Data records:
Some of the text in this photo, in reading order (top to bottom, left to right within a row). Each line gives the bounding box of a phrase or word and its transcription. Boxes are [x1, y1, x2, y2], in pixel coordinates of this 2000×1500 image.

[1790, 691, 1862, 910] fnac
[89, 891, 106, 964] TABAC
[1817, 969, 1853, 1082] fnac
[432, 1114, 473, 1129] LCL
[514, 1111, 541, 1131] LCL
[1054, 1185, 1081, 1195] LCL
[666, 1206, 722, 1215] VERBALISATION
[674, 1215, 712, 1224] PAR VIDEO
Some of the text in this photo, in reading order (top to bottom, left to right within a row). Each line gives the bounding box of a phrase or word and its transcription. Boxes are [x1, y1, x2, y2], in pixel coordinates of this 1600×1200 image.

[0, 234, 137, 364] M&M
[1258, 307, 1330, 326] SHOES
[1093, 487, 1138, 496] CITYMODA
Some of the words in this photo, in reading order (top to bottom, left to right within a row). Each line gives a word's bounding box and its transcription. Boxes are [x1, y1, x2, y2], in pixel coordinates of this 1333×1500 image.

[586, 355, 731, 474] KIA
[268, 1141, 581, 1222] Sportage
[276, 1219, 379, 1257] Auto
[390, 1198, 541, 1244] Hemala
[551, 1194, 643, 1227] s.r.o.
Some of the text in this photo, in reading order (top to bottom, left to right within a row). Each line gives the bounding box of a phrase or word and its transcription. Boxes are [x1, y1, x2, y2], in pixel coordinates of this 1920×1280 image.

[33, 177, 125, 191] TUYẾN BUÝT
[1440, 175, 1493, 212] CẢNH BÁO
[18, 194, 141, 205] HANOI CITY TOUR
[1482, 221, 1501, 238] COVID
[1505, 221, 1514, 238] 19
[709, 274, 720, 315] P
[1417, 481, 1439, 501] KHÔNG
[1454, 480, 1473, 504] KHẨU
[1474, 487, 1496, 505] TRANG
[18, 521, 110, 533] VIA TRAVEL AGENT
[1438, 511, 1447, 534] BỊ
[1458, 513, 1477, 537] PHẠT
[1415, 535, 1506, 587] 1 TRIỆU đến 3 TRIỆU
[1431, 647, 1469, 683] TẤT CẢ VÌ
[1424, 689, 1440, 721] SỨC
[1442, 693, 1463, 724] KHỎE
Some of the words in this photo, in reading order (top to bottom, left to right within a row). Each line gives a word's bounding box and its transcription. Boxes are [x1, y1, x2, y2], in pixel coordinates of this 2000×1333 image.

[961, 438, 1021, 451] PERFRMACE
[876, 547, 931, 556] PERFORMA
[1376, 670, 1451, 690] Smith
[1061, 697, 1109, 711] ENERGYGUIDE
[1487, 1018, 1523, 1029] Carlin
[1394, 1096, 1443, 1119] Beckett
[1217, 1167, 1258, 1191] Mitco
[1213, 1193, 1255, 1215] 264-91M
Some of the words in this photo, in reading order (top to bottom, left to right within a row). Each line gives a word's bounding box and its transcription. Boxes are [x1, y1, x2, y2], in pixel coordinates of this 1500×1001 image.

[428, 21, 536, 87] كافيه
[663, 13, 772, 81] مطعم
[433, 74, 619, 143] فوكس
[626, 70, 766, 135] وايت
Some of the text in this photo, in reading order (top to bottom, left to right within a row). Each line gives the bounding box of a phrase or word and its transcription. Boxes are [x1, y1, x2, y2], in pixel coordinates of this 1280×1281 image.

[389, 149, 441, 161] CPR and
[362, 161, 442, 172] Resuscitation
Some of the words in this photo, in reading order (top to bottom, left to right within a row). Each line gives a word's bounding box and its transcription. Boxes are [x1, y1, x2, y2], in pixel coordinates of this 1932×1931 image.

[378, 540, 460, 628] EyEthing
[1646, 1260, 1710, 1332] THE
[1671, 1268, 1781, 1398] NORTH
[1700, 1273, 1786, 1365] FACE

Work to be completed:
Set the whole listing down again, unchanged.

Expected output:
Some of the text in this photo, in reading order (top to bottom, left to right within a row). Each line gives the bounding box of a phrase or word and its transcription. Boxes are [x1, y1, x2, y2], in pixel coordinates of this 2000×1500 image.

[1790, 691, 1862, 910] fnac
[89, 891, 106, 964] TABAC
[1817, 969, 1853, 1082] fnac
[432, 1114, 473, 1129] LCL
[514, 1111, 541, 1131] LCL
[1054, 1185, 1081, 1195] LCL
[666, 1206, 722, 1215] VERBALISATION
[674, 1215, 712, 1224] PAR VIDEO
Some of the text in this photo, in reading order (top to bottom, left to right within a row). Each line gives the bounding box of a phrase or word and its transcription. Boxes are [x1, y1, x2, y2], in pixel coordinates of this 1600×1200 image.

[0, 234, 137, 364] M&M
[1258, 307, 1330, 326] SHOES
[1093, 487, 1138, 496] CITYMODA
Some of the words in this photo, in reading order (top to bottom, left to right within a row). Each line gives a word's bounding box and its transcription. Boxes are [x1, y1, x2, y2], in pixel coordinates of this 1333×1500 image.

[586, 355, 731, 474] KIA
[268, 1141, 581, 1222] Sportage
[276, 1219, 379, 1257] Auto
[390, 1198, 541, 1244] Hemala
[551, 1194, 643, 1227] s.r.o.
Some of the text in this photo, in reading order (top to bottom, left to right within a row). Each line gives the bounding box of a phrase or word and its transcription. Boxes are [x1, y1, x2, y2], in pixel coordinates of this 1920×1280 image.

[33, 177, 125, 191] TUYẾN BUÝT
[1440, 175, 1493, 212] CẢNH BÁO
[18, 194, 141, 205] HANOI CITY TOUR
[1482, 221, 1501, 238] COVID
[1505, 221, 1514, 238] 19
[709, 274, 720, 315] P
[1417, 481, 1439, 501] KHÔNG
[1454, 480, 1473, 504] KHẨU
[1474, 487, 1496, 505] TRANG
[18, 521, 110, 533] VIA TRAVEL AGENT
[1438, 511, 1447, 534] BỊ
[1458, 513, 1477, 537] PHẠT
[1415, 535, 1506, 587] 1 TRIỆU đến 3 TRIỆU
[1431, 647, 1469, 683] TẤT CẢ VÌ
[1424, 689, 1440, 721] SỨC
[1442, 693, 1463, 724] KHỎE
Some of the words in this photo, in reading order (top to bottom, left to right within a row). Each line gives a word's bounding box and its transcription. Boxes are [x1, y1, x2, y2], in pixel coordinates of this 2000×1333 image.

[961, 438, 1021, 451] PERFRMACE
[876, 547, 931, 556] PERFORMA
[1376, 670, 1451, 690] Smith
[1061, 697, 1109, 711] ENERGYGUIDE
[1487, 1018, 1523, 1029] Carlin
[1394, 1096, 1443, 1119] Beckett
[1217, 1167, 1258, 1191] Mitco
[1213, 1193, 1255, 1215] 264-91M
Some of the words in this photo, in reading order (top to bottom, left to right within a row). Each line gives a word's bounding box and its transcription. Boxes are [x1, y1, x2, y2], in pixel coordinates of this 1500×1001 image.

[428, 21, 536, 87] كافيه
[663, 13, 772, 81] مطعم
[433, 74, 619, 143] فوكس
[626, 70, 766, 135] وايت
Some of the text in this photo, in reading order (top to bottom, left to right within a row). Each line gives the bounding box of a phrase or word and its transcription. Boxes are [x1, y1, x2, y2], in pixel coordinates of this 1280×1281 image.

[389, 149, 441, 161] CPR and
[362, 161, 442, 172] Resuscitation
Some of the words in this photo, in reading order (top to bottom, left to right within a row). Each line gives a word's bounding box and its transcription. Boxes are [x1, y1, x2, y2], in pixel coordinates of this 1932×1931 image.

[378, 540, 460, 628] EyEthing
[1646, 1260, 1710, 1332] THE
[1671, 1268, 1781, 1398] NORTH
[1700, 1273, 1786, 1365] FACE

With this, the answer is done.